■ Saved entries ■
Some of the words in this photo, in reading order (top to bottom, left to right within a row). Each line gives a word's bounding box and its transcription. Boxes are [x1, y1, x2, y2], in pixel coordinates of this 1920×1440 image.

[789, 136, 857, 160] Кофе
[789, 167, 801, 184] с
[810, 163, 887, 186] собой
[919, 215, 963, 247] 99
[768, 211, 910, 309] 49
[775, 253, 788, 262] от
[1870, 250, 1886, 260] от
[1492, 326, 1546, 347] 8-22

■ The problem ■
Would you restate each of the entries word for word?

■ Answer below ■
Some of the words in this photo, in reading order (top to bottom, left to right within a row). Each line gives a word's bounding box and its transcription. Boxes are [x1, y1, x2, y2], in pixel coordinates of this 1920×1440 image.

[789, 136, 857, 160] Кофе
[789, 167, 801, 184] с
[810, 163, 887, 186] собой
[919, 215, 963, 247] 99
[768, 211, 910, 309] 49
[775, 253, 788, 262] от
[1870, 250, 1886, 260] от
[1492, 326, 1546, 347] 8-22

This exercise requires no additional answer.